Records from a data source
+ + + + +

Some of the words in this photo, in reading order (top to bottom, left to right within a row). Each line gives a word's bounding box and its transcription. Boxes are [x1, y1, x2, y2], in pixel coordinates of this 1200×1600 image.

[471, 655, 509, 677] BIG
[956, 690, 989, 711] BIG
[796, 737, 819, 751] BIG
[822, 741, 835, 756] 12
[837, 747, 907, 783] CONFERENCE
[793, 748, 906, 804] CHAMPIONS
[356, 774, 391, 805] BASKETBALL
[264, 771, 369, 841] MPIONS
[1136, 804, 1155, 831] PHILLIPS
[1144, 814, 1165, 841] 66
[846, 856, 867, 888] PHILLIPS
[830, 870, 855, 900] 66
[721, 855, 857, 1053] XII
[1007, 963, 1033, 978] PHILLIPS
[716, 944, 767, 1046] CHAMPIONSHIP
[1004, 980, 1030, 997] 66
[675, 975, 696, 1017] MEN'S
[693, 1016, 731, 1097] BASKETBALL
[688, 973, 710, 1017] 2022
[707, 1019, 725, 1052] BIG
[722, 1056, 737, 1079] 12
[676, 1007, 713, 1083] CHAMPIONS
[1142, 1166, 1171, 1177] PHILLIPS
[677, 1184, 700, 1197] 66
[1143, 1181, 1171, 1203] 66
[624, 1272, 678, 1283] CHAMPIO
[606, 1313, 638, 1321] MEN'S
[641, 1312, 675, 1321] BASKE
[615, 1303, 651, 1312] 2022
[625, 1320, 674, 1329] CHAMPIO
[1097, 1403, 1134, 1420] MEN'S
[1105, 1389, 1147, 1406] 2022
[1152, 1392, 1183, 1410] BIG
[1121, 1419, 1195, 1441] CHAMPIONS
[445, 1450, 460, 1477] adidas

+ + + + +

How to complete this task: For each record above, print an exact copy.

Answer:
Some of the words in this photo, in reading order (top to bottom, left to right within a row). Each line gives a word's bounding box and its transcription. Boxes are [x1, y1, x2, y2], in pixel coordinates of this 1200×1600 image.

[471, 655, 509, 677] BIG
[956, 690, 989, 711] BIG
[796, 737, 819, 751] BIG
[822, 741, 835, 756] 12
[837, 747, 907, 783] CONFERENCE
[793, 748, 906, 804] CHAMPIONS
[356, 774, 391, 805] BASKETBALL
[264, 771, 369, 841] MPIONS
[1136, 804, 1155, 831] PHILLIPS
[1144, 814, 1165, 841] 66
[846, 856, 867, 888] PHILLIPS
[830, 870, 855, 900] 66
[721, 855, 857, 1053] XII
[1007, 963, 1033, 978] PHILLIPS
[716, 944, 767, 1046] CHAMPIONSHIP
[1004, 980, 1030, 997] 66
[675, 975, 696, 1017] MEN'S
[693, 1016, 731, 1097] BASKETBALL
[688, 973, 710, 1017] 2022
[707, 1019, 725, 1052] BIG
[722, 1056, 737, 1079] 12
[676, 1007, 713, 1083] CHAMPIONS
[1142, 1166, 1171, 1177] PHILLIPS
[677, 1184, 700, 1197] 66
[1143, 1181, 1171, 1203] 66
[624, 1272, 678, 1283] CHAMPIO
[606, 1313, 638, 1321] MEN'S
[641, 1312, 675, 1321] BASKE
[615, 1303, 651, 1312] 2022
[625, 1320, 674, 1329] CHAMPIO
[1097, 1403, 1134, 1420] MEN'S
[1105, 1389, 1147, 1406] 2022
[1152, 1392, 1183, 1410] BIG
[1121, 1419, 1195, 1441] CHAMPIONS
[445, 1450, 460, 1477] adidas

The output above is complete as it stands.